*** Opening Exercise data ***

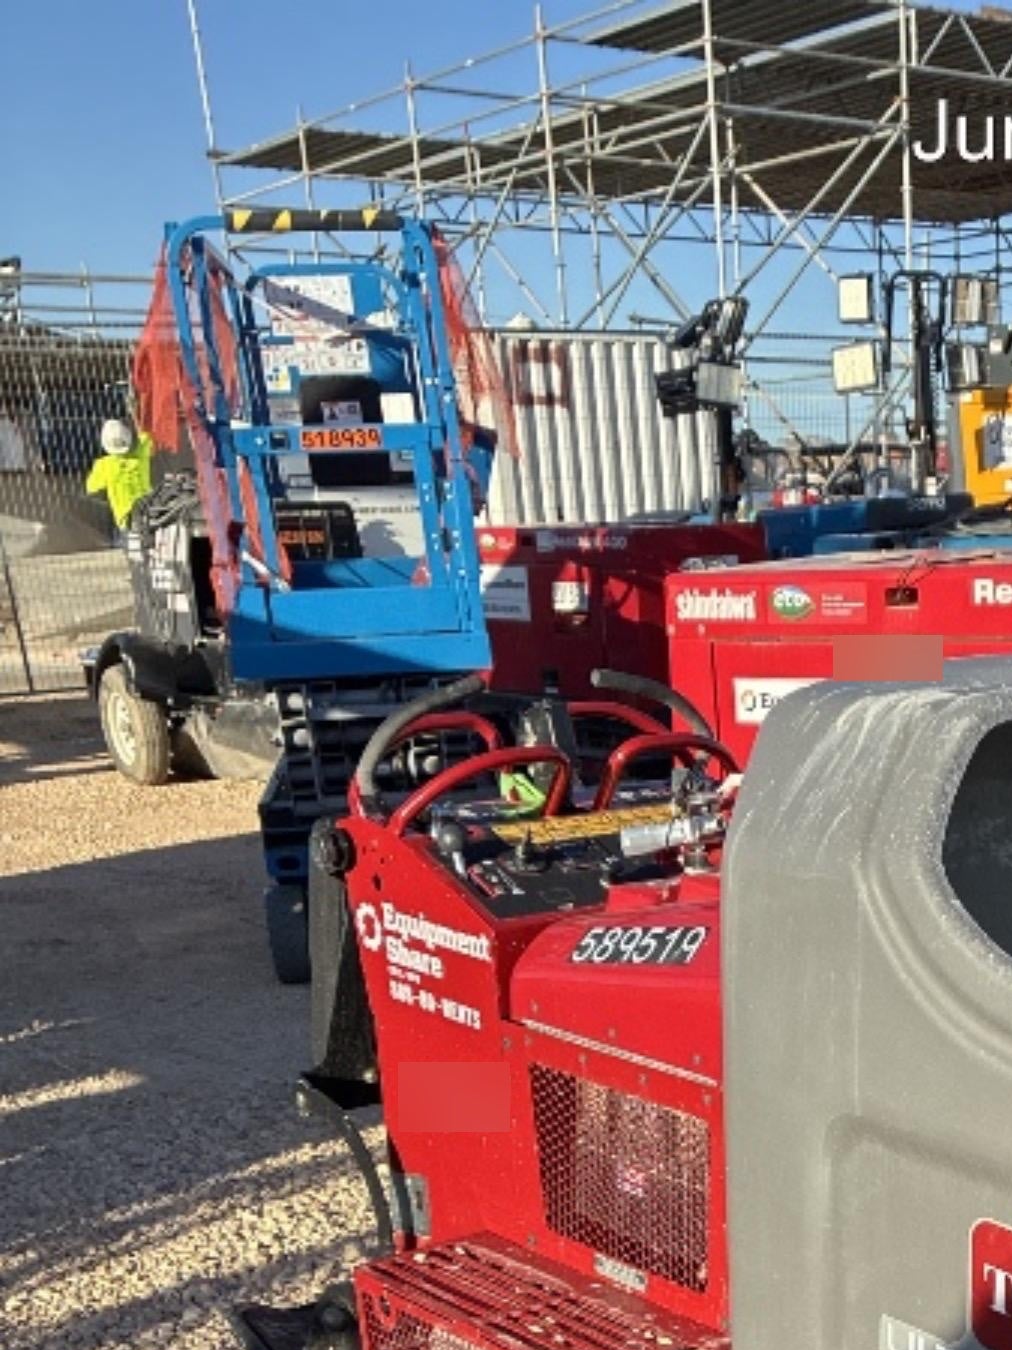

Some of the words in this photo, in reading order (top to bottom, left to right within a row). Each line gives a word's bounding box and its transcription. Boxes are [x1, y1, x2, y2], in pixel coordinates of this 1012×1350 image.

[301, 428, 382, 448] 518939
[381, 902, 492, 962] Equipment
[572, 927, 706, 964] 589519
[385, 935, 445, 979] Share
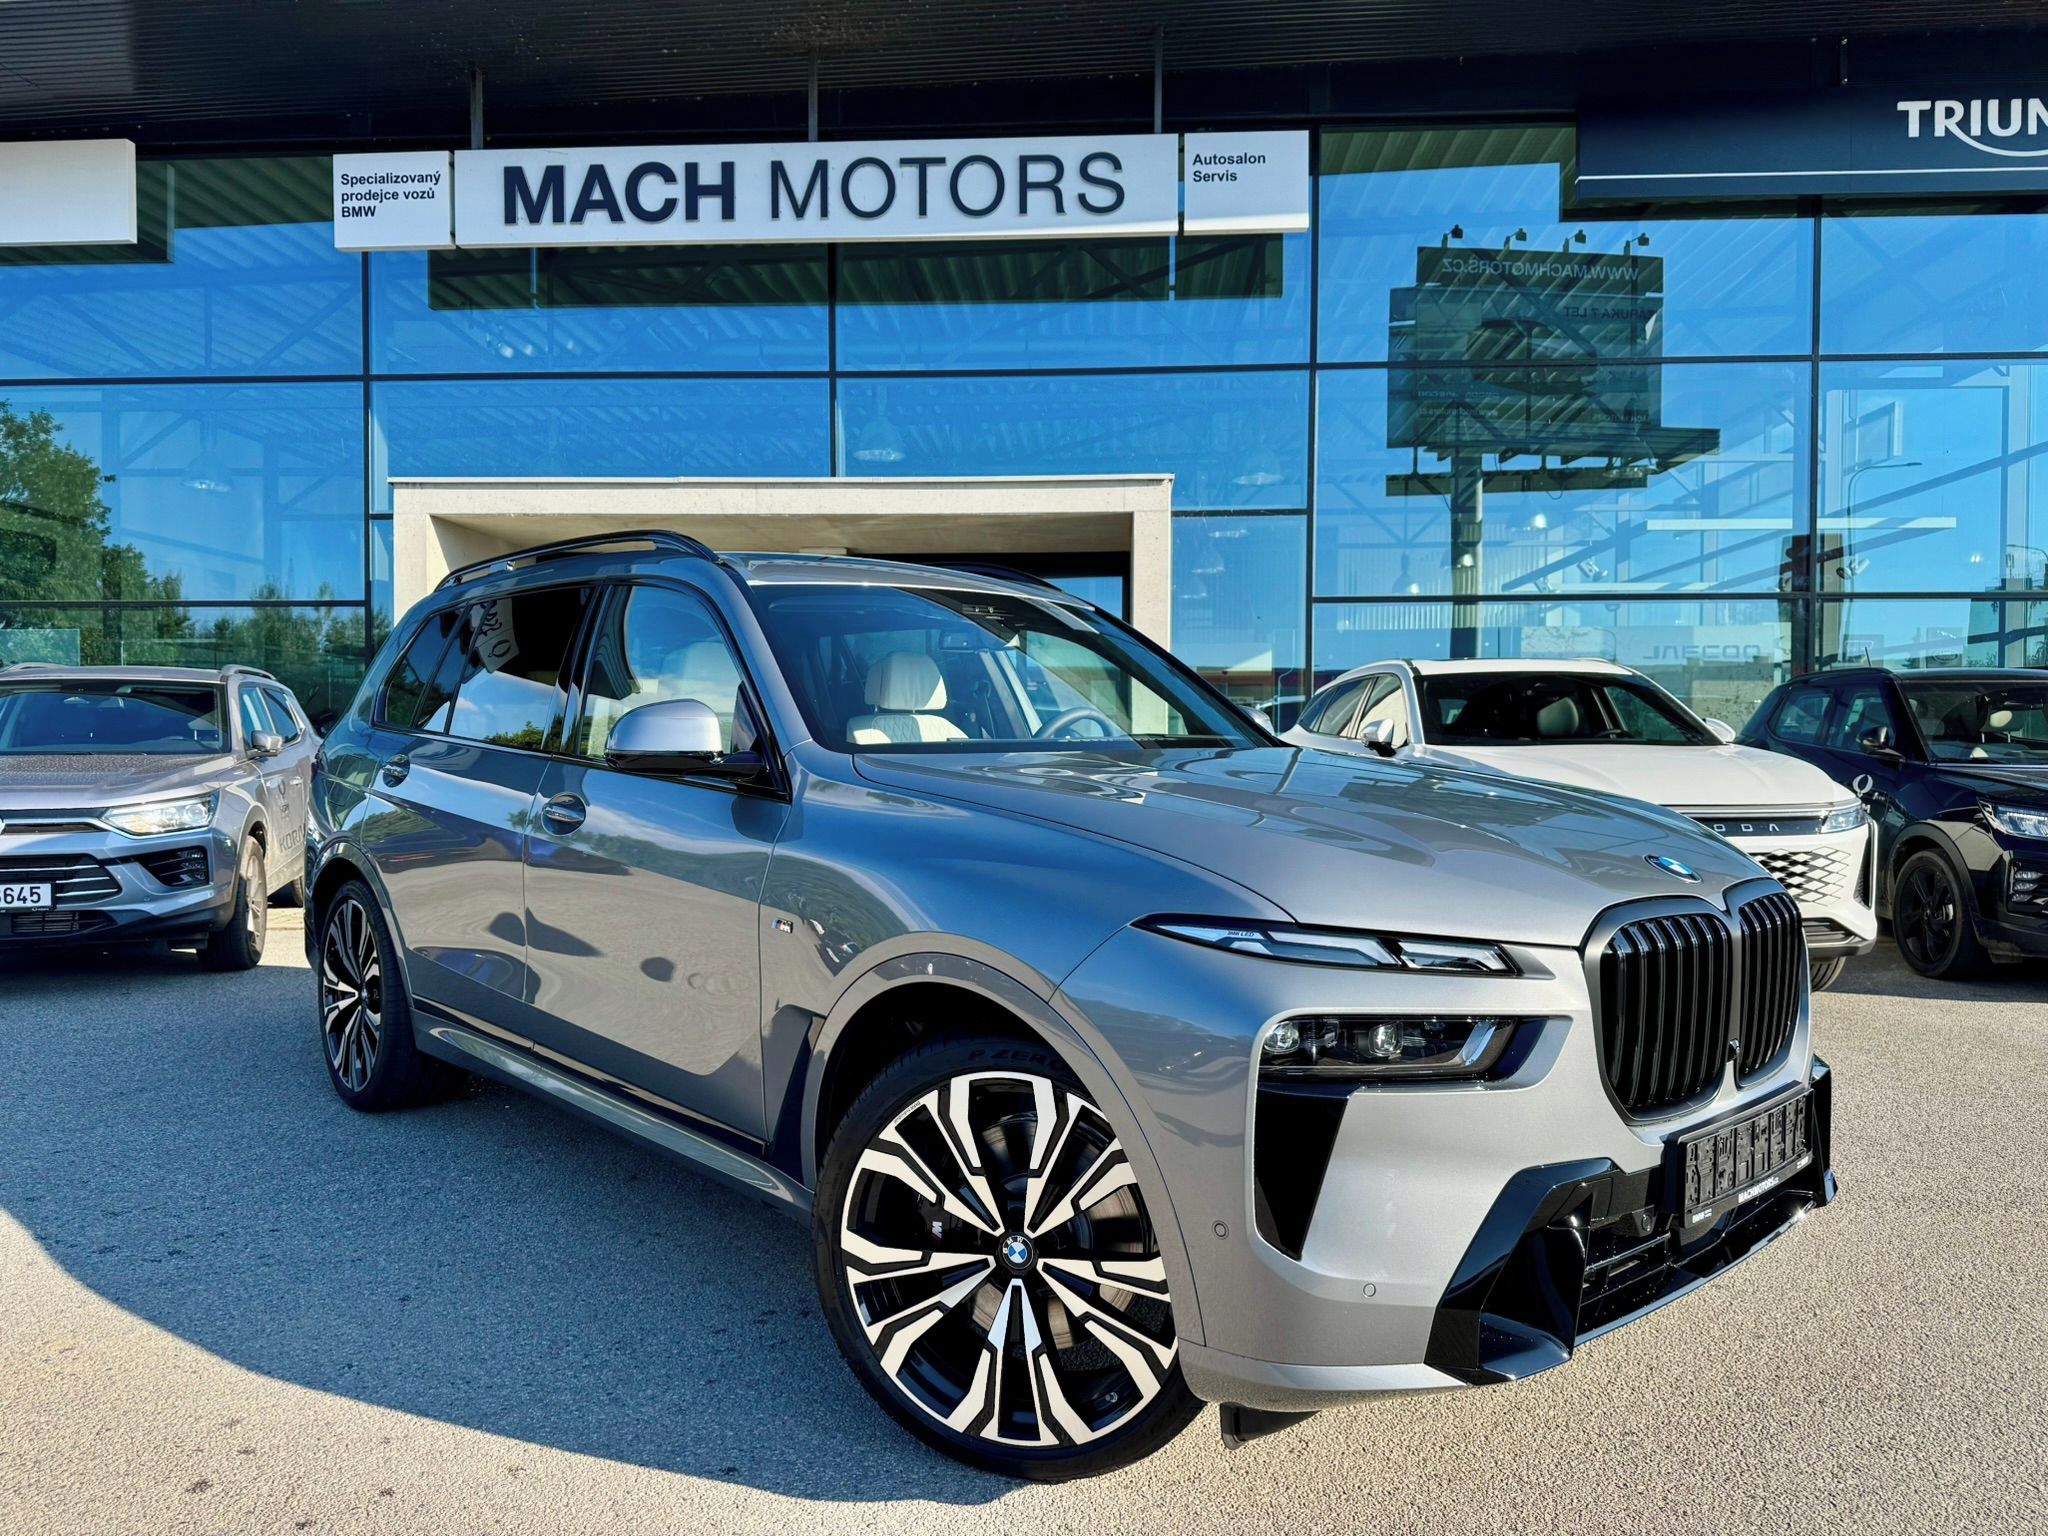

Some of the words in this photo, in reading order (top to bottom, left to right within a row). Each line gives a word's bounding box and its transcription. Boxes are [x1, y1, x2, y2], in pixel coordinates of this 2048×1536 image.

*** Closing Exercise data ***

Your instructions:
Your task is to return every entry exactly as it was written, with the pictures removed.

Exercise solution:
Some of the words in this photo, in reading order (top to bottom, left to right within a row). Each line gives a word's bounding box and its transcription. Boxes are [x1, y1, x2, y2], in pixel coordinates of this 1012×1350 image.

[301, 428, 382, 448] 518939
[381, 902, 492, 962] Equipment
[572, 927, 706, 964] 589519
[385, 935, 445, 979] Share

Some of the words in this photo, in reading order (top to bottom, left to right within a row). Each line gives a word's bounding box and its transcription. Boxes are [x1, y1, x2, y2], in pixel coordinates of this 2048×1536 image.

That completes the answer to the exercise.